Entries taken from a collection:
= = = =

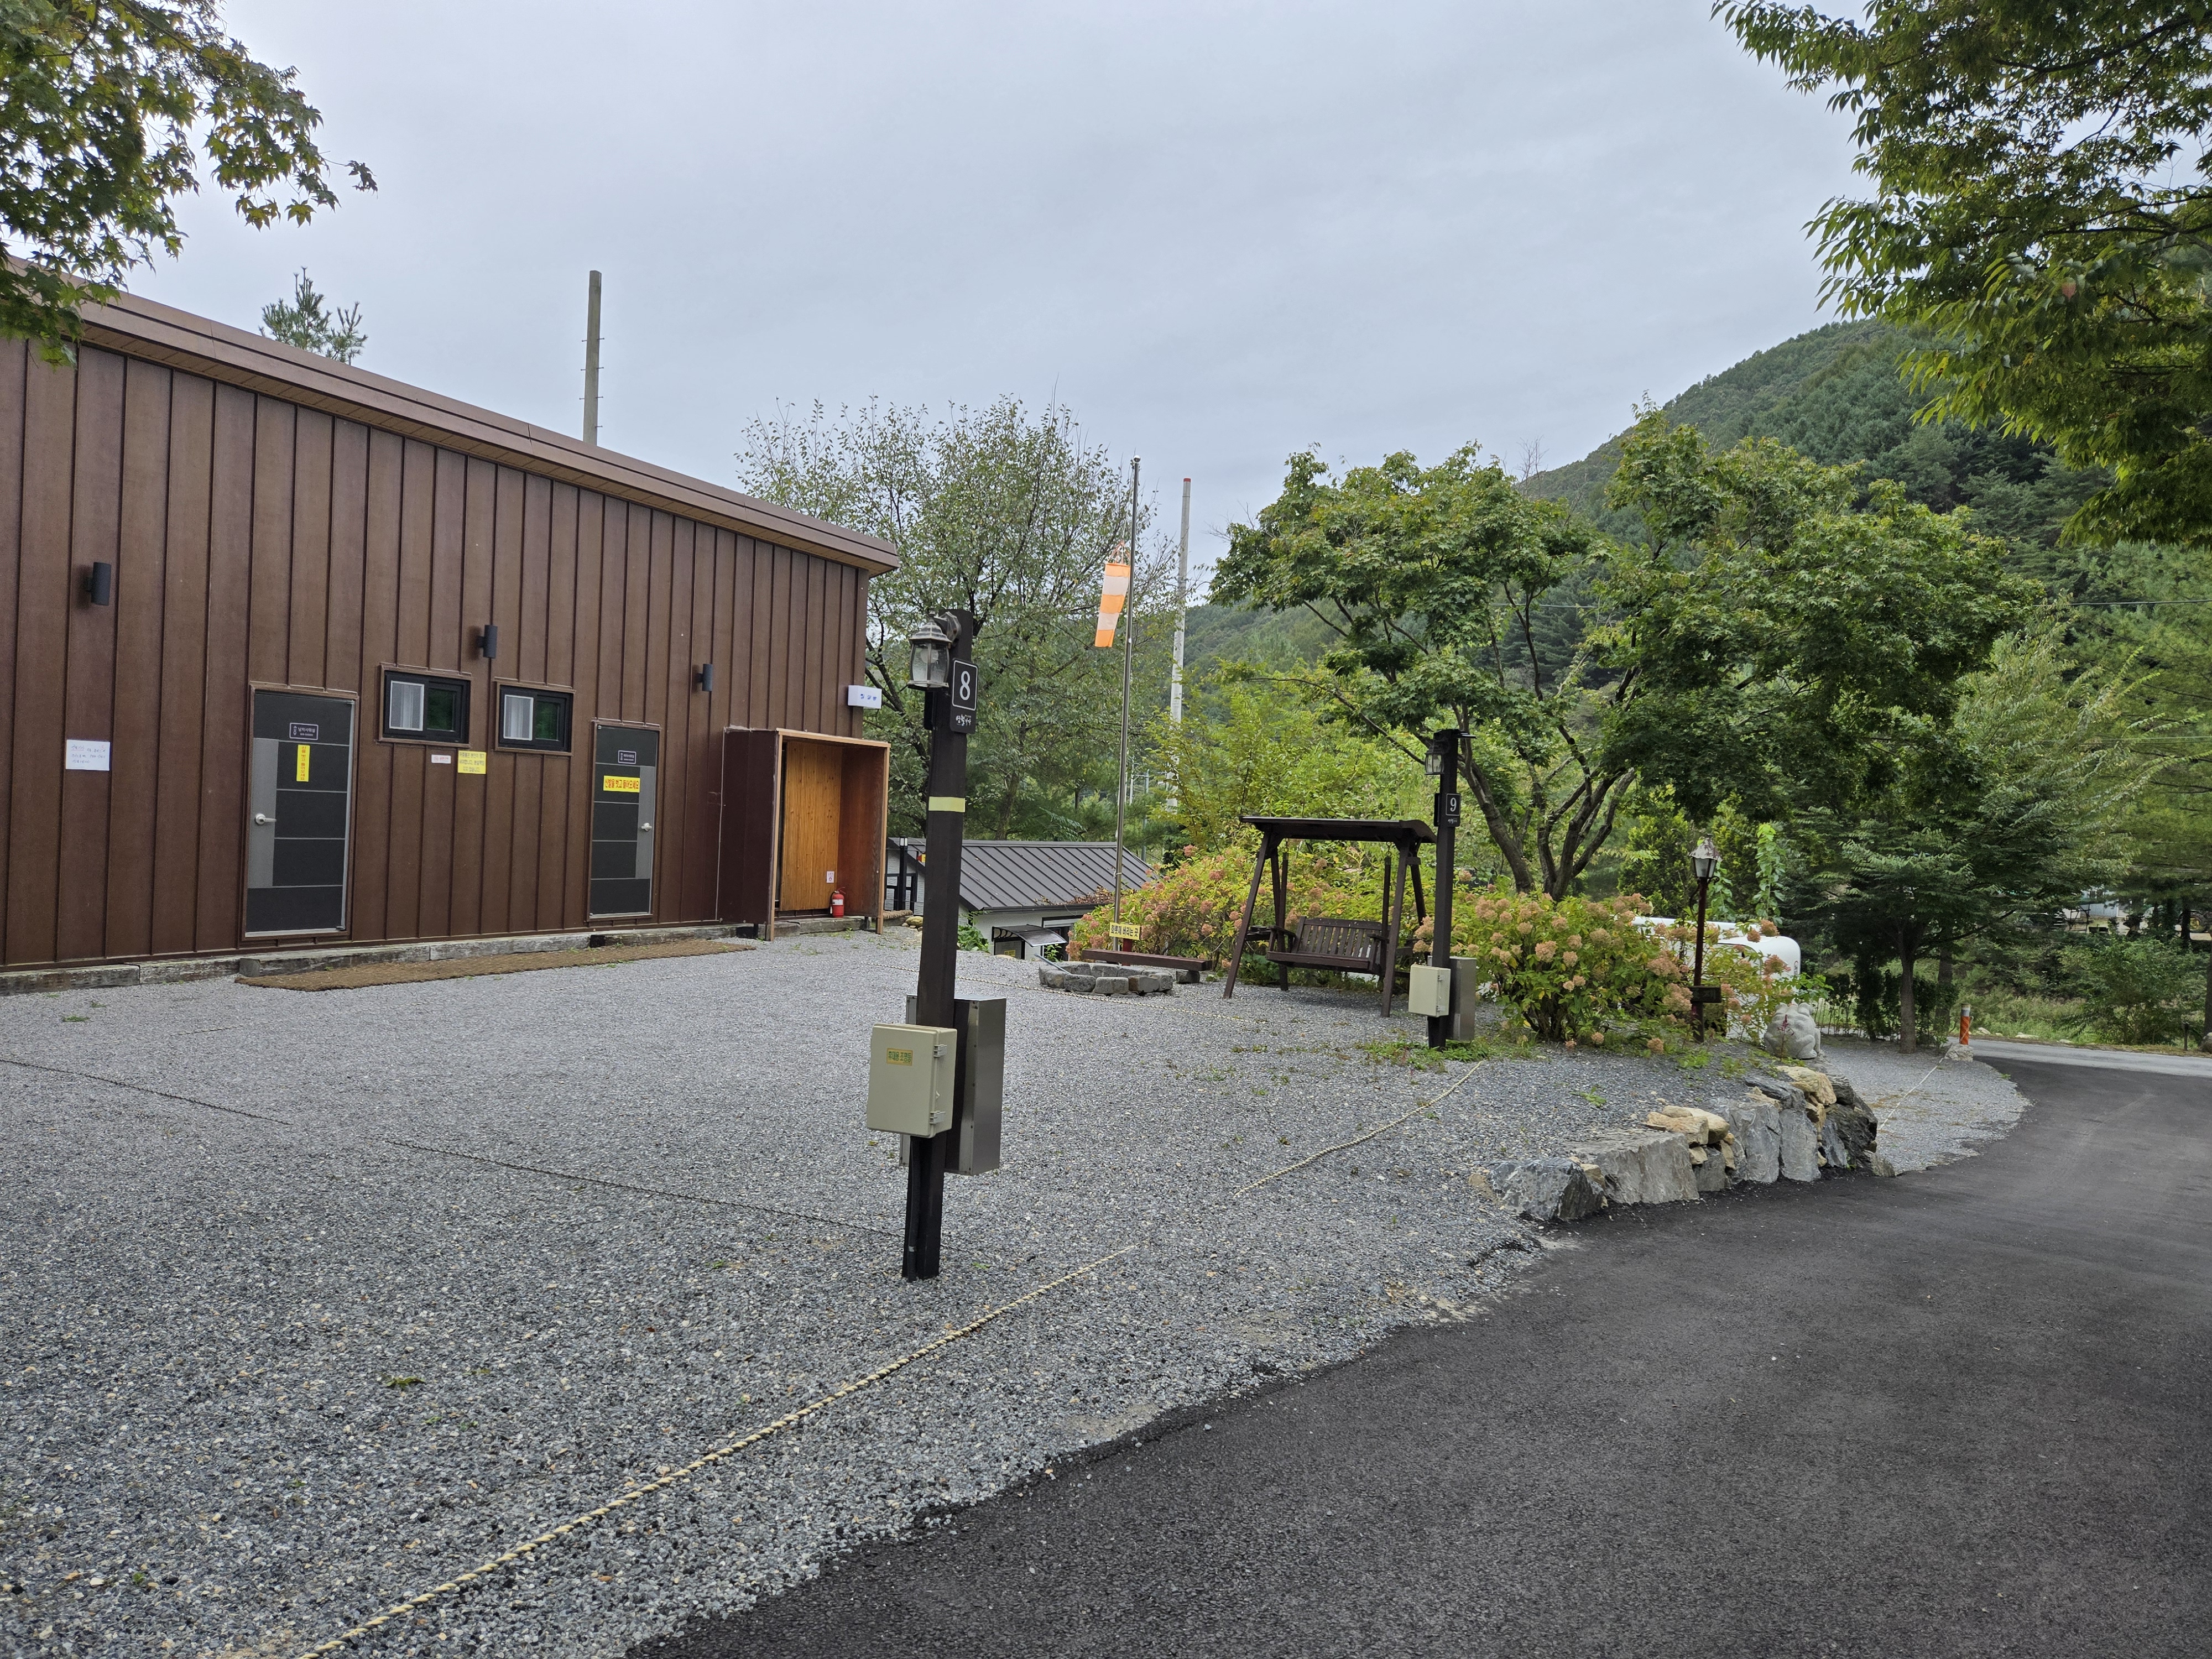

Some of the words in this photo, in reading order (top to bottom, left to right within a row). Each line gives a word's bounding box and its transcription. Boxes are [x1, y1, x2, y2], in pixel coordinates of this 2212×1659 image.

[959, 671, 971, 701] 8
[605, 779, 614, 788] 신발을
[615, 779, 622, 788] 벗고
[623, 780, 639, 789] 들어오세요
[1450, 797, 1457, 812] 9
[1123, 926, 1133, 936] 버리는
[1134, 928, 1139, 937] 곳
[888, 1051, 899, 1061] 휴대용
[900, 1052, 912, 1062] 조명등

= = = =

### [EXERCISE GOAL]
Without including a single picture, restate all of the data word for word.

### [PROBLEM SOLUTION]
Some of the words in this photo, in reading order (top to bottom, left to right within a row). Each line gives a word's bounding box and its transcription. Boxes are [x1, y1, x2, y2], in pixel coordinates of this 2212×1659 image.

[959, 671, 971, 701] 8
[605, 779, 614, 788] 신발을
[615, 779, 622, 788] 벗고
[623, 780, 639, 789] 들어오세요
[1450, 797, 1457, 812] 9
[1123, 926, 1133, 936] 버리는
[1134, 928, 1139, 937] 곳
[888, 1051, 899, 1061] 휴대용
[900, 1052, 912, 1062] 조명등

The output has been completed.